Top of DATA EXTRACT
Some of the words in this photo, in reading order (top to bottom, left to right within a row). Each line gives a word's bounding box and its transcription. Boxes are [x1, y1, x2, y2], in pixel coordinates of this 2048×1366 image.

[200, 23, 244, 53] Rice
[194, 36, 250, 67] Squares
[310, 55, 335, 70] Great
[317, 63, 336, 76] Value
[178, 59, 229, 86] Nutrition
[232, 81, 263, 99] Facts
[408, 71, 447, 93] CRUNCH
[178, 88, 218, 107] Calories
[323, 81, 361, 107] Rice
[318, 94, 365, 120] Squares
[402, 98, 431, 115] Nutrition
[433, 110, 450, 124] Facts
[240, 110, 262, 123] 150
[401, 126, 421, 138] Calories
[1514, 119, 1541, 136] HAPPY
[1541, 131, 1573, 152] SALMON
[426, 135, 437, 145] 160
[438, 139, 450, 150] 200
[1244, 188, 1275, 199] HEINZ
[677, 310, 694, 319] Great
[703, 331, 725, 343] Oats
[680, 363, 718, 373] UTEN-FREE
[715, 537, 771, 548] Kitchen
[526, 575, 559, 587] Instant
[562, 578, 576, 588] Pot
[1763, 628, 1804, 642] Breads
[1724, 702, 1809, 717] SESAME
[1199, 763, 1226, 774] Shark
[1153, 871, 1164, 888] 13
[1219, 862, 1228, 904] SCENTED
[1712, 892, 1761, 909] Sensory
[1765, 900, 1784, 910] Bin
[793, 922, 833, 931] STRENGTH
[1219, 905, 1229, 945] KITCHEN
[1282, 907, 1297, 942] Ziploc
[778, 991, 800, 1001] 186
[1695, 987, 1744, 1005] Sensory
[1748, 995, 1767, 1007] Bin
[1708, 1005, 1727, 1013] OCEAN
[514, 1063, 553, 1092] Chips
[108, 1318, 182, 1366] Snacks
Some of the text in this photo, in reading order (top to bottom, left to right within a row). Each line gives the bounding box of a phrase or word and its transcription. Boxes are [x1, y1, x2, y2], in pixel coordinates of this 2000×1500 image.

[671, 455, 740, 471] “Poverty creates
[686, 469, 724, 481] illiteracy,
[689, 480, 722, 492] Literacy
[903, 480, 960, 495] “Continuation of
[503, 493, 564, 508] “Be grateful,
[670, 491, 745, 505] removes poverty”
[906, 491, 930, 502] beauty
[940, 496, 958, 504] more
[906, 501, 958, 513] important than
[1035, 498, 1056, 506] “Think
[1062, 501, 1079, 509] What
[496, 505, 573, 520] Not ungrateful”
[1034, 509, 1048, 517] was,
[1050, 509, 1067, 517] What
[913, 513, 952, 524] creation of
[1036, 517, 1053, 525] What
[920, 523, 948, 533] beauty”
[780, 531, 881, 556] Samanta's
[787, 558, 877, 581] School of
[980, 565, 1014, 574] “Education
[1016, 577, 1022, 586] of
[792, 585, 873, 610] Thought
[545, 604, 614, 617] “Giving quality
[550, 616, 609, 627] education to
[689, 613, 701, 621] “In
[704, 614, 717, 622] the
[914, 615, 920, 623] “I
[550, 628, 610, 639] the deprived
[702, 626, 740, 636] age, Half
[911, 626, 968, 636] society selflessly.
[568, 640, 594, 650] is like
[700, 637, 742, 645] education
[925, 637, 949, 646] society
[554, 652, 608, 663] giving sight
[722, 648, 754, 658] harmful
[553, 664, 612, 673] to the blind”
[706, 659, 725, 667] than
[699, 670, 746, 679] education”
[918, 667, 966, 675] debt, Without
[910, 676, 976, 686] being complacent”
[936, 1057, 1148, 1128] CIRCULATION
Bottom of DATA EXTRACT
Exact reproduction of the listing above is required.

Some of the words in this photo, in reading order (top to bottom, left to right within a row). Each line gives a word's bounding box and its transcription. Boxes are [x1, y1, x2, y2], in pixel coordinates of this 2048×1366 image.

[200, 23, 244, 53] Rice
[194, 36, 250, 67] Squares
[310, 55, 335, 70] Great
[317, 63, 336, 76] Value
[178, 59, 229, 86] Nutrition
[232, 81, 263, 99] Facts
[408, 71, 447, 93] CRUNCH
[178, 88, 218, 107] Calories
[323, 81, 361, 107] Rice
[318, 94, 365, 120] Squares
[402, 98, 431, 115] Nutrition
[433, 110, 450, 124] Facts
[240, 110, 262, 123] 150
[401, 126, 421, 138] Calories
[1514, 119, 1541, 136] HAPPY
[1541, 131, 1573, 152] SALMON
[426, 135, 437, 145] 160
[438, 139, 450, 150] 200
[1244, 188, 1275, 199] HEINZ
[677, 310, 694, 319] Great
[703, 331, 725, 343] Oats
[680, 363, 718, 373] UTEN-FREE
[715, 537, 771, 548] Kitchen
[526, 575, 559, 587] Instant
[562, 578, 576, 588] Pot
[1763, 628, 1804, 642] Breads
[1724, 702, 1809, 717] SESAME
[1199, 763, 1226, 774] Shark
[1153, 871, 1164, 888] 13
[1219, 862, 1228, 904] SCENTED
[1712, 892, 1761, 909] Sensory
[1765, 900, 1784, 910] Bin
[793, 922, 833, 931] STRENGTH
[1219, 905, 1229, 945] KITCHEN
[1282, 907, 1297, 942] Ziploc
[778, 991, 800, 1001] 186
[1695, 987, 1744, 1005] Sensory
[1748, 995, 1767, 1007] Bin
[1708, 1005, 1727, 1013] OCEAN
[514, 1063, 553, 1092] Chips
[108, 1318, 182, 1366] Snacks
Some of the text in this photo, in reading order (top to bottom, left to right within a row). Each line gives the bounding box of a phrase or word and its transcription. Boxes are [x1, y1, x2, y2], in pixel coordinates of this 2000×1500 image.

[671, 455, 740, 471] “Poverty creates
[686, 469, 724, 481] illiteracy,
[689, 480, 722, 492] Literacy
[903, 480, 960, 495] “Continuation of
[503, 493, 564, 508] “Be grateful,
[670, 491, 745, 505] removes poverty”
[906, 491, 930, 502] beauty
[940, 496, 958, 504] more
[906, 501, 958, 513] important than
[1035, 498, 1056, 506] “Think
[1062, 501, 1079, 509] What
[496, 505, 573, 520] Not ungrateful”
[1034, 509, 1048, 517] was,
[1050, 509, 1067, 517] What
[913, 513, 952, 524] creation of
[1036, 517, 1053, 525] What
[920, 523, 948, 533] beauty”
[780, 531, 881, 556] Samanta's
[787, 558, 877, 581] School of
[980, 565, 1014, 574] “Education
[1016, 577, 1022, 586] of
[792, 585, 873, 610] Thought
[545, 604, 614, 617] “Giving quality
[550, 616, 609, 627] education to
[689, 613, 701, 621] “In
[704, 614, 717, 622] the
[914, 615, 920, 623] “I
[550, 628, 610, 639] the deprived
[702, 626, 740, 636] age, Half
[911, 626, 968, 636] society selflessly.
[568, 640, 594, 650] is like
[700, 637, 742, 645] education
[925, 637, 949, 646] society
[554, 652, 608, 663] giving sight
[722, 648, 754, 658] harmful
[553, 664, 612, 673] to the blind”
[706, 659, 725, 667] than
[699, 670, 746, 679] education”
[918, 667, 966, 675] debt, Without
[910, 676, 976, 686] being complacent”
[936, 1057, 1148, 1128] CIRCULATION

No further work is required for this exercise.